American actress and singer (born 1956)

Maureen Denise McCormick (born August 5, 1956) is an American actress, singer and author, best known for her role as Marcia Brady on the ABC television sitcom The Brady Bunch (1969–1974). She reprised the role in several of its various spin-offs and films, including The Brady Kids, The Brady Bunch Hour, The Brady Brides and A Very Brady Christmas (1988).

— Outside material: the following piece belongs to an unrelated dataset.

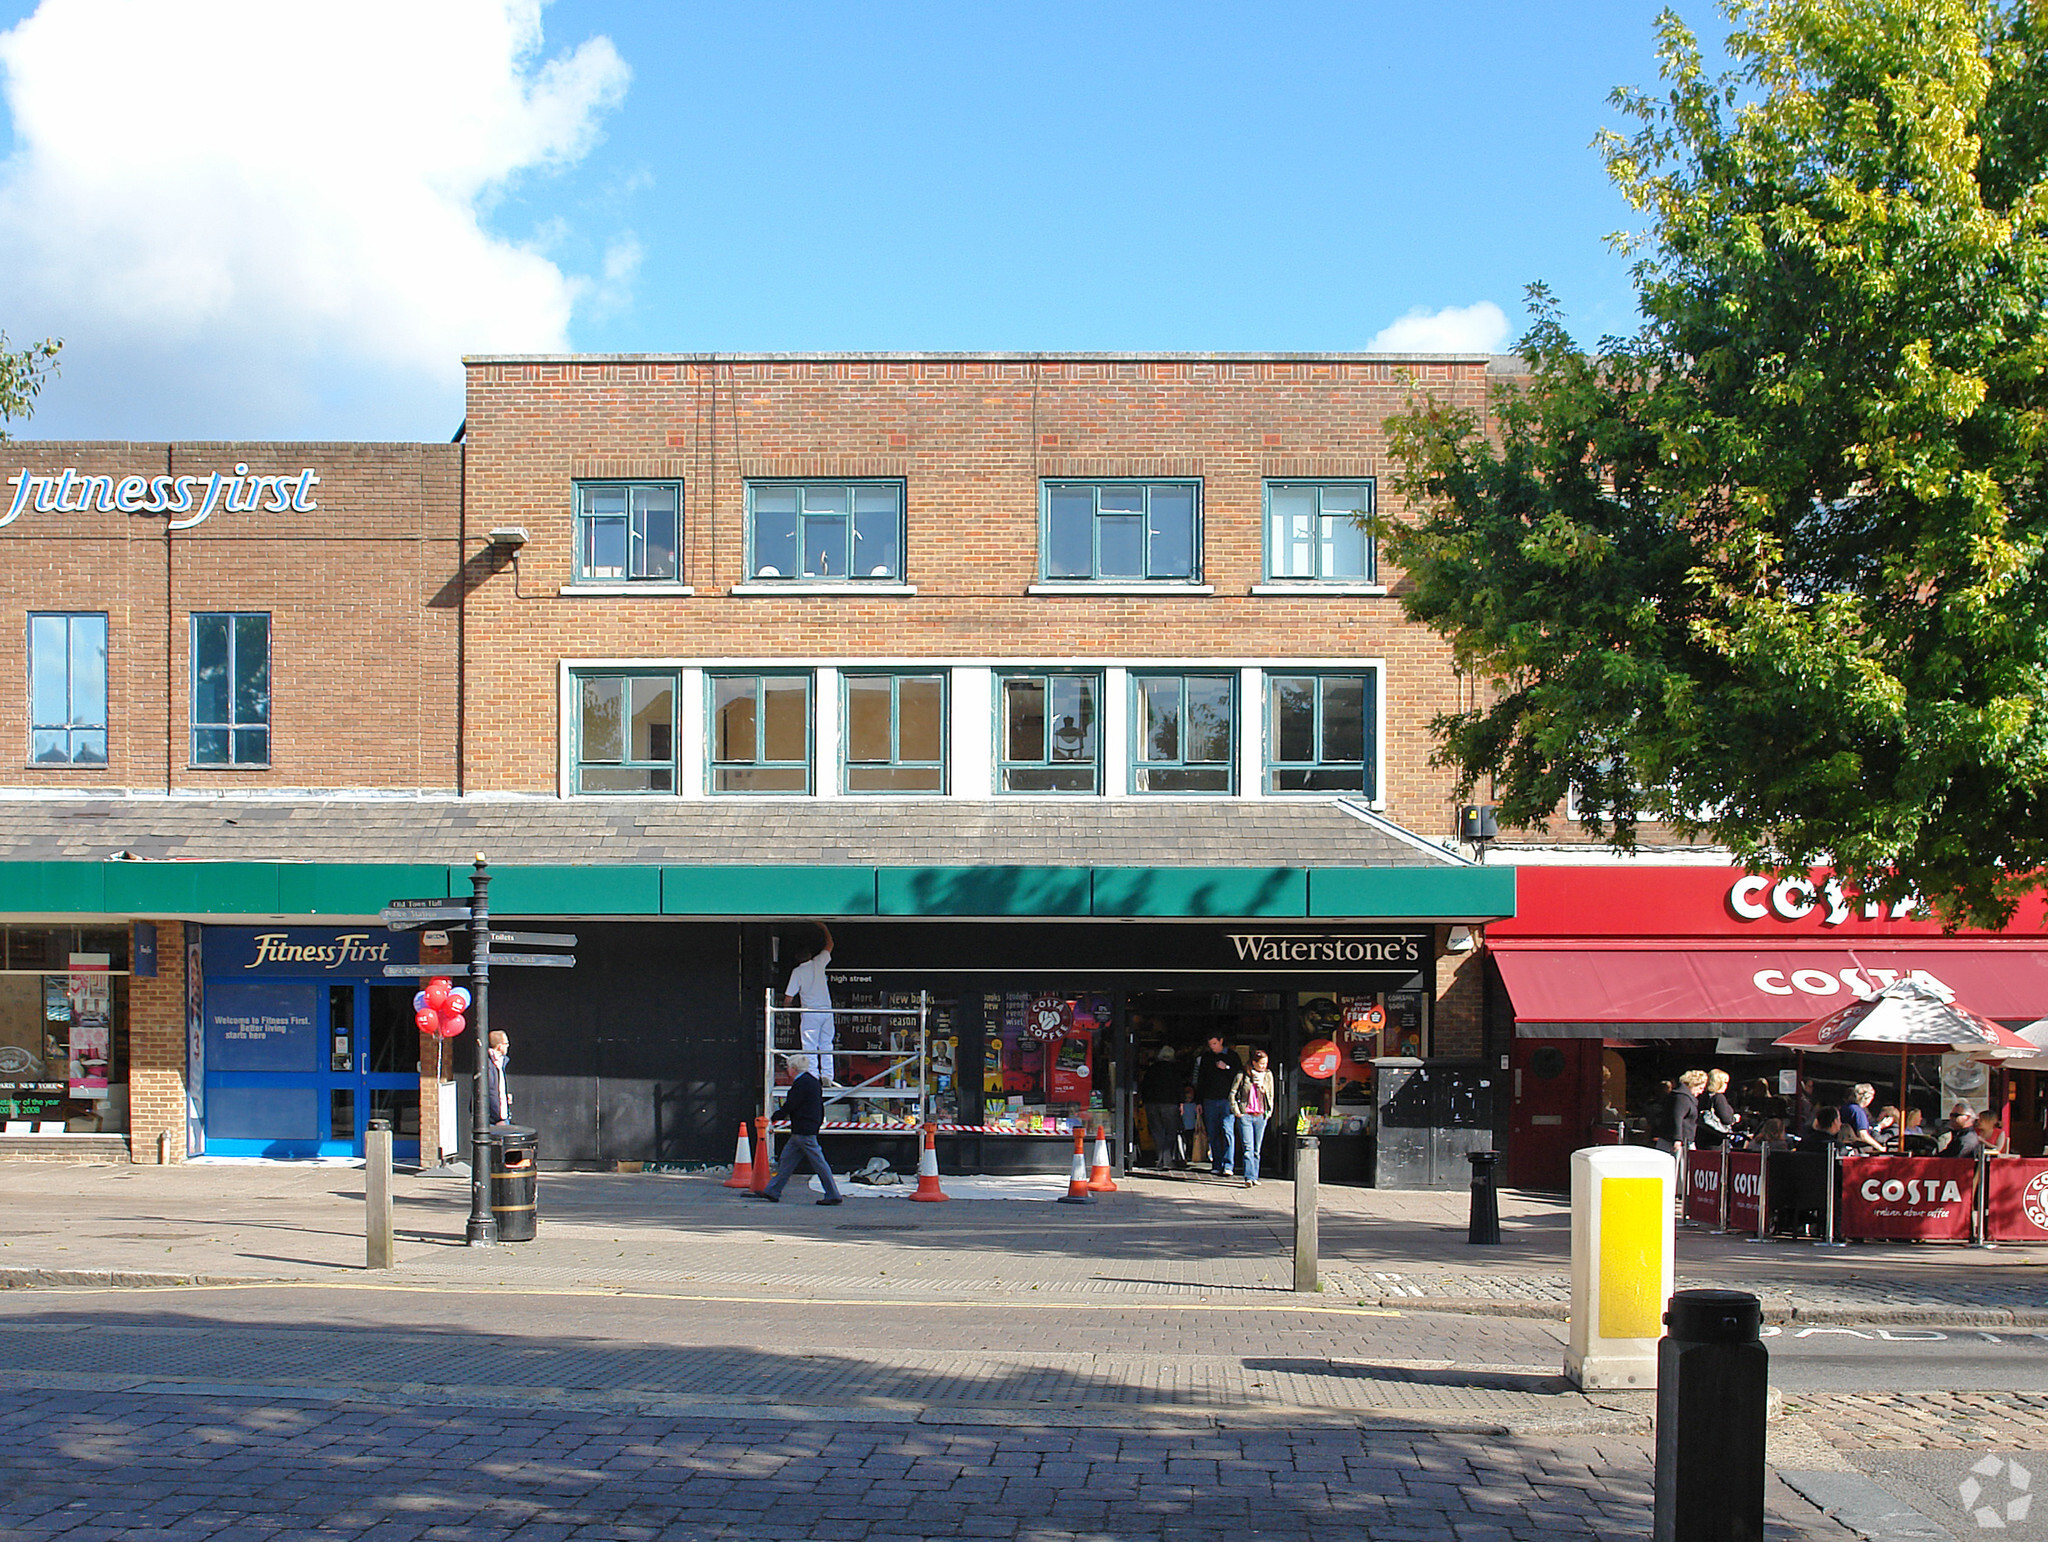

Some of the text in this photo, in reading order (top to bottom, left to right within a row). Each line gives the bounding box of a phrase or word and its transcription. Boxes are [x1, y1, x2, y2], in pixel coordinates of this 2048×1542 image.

In the 1980s and 1990s, McCormick ventured into film and stage acting, with supporting roles in the films The Idolmaker (1980), Texas Lightning (1981), and Return to Horror High (1987). On stage, she starred as Wendy Darling in a 1983 production of Peter Pan and as Betty Rizzo in a 1994 production of Grease. In the 2000s, McCormick was the first actress to portray Rebecca Hotchkiss on the television soap opera Passions, as well as appearing on various reality television series such as VH1's Celebrity Fit Club, CMT's Gone Country (which led to a short-lived spin-off series led by McCormick, Outsiders Inn) and the Australian version of I'm a Celebrity... Get Me Out of Here!.

In music, McCormick recorded four studio albums with the Brady Bunch cast and toured with them. Her only release as a solo artist to date is a country music album, When You Get a Little Lonely (1995). McCormick's personal life was troubled following her initial period of success on The Brady Bunch, struggling with substance abuse, an eating disorder, and depression, which impeded her career. In 2008, McCormick published an autobiography, Here's the Story, which debuted at number four on The New York Times bestseller list.

==Life and career==
===1956–1968: Early life and television roles===
McCormick was born on August 5, 1956, in the Encino section of Los Angeles, California, to Irene (née Beckman) and Richard McCormick, a teacher. She has three older brothers: Michael, Dennis and Kevin. She is of Irish and German descent, and was raised in a Catholic family.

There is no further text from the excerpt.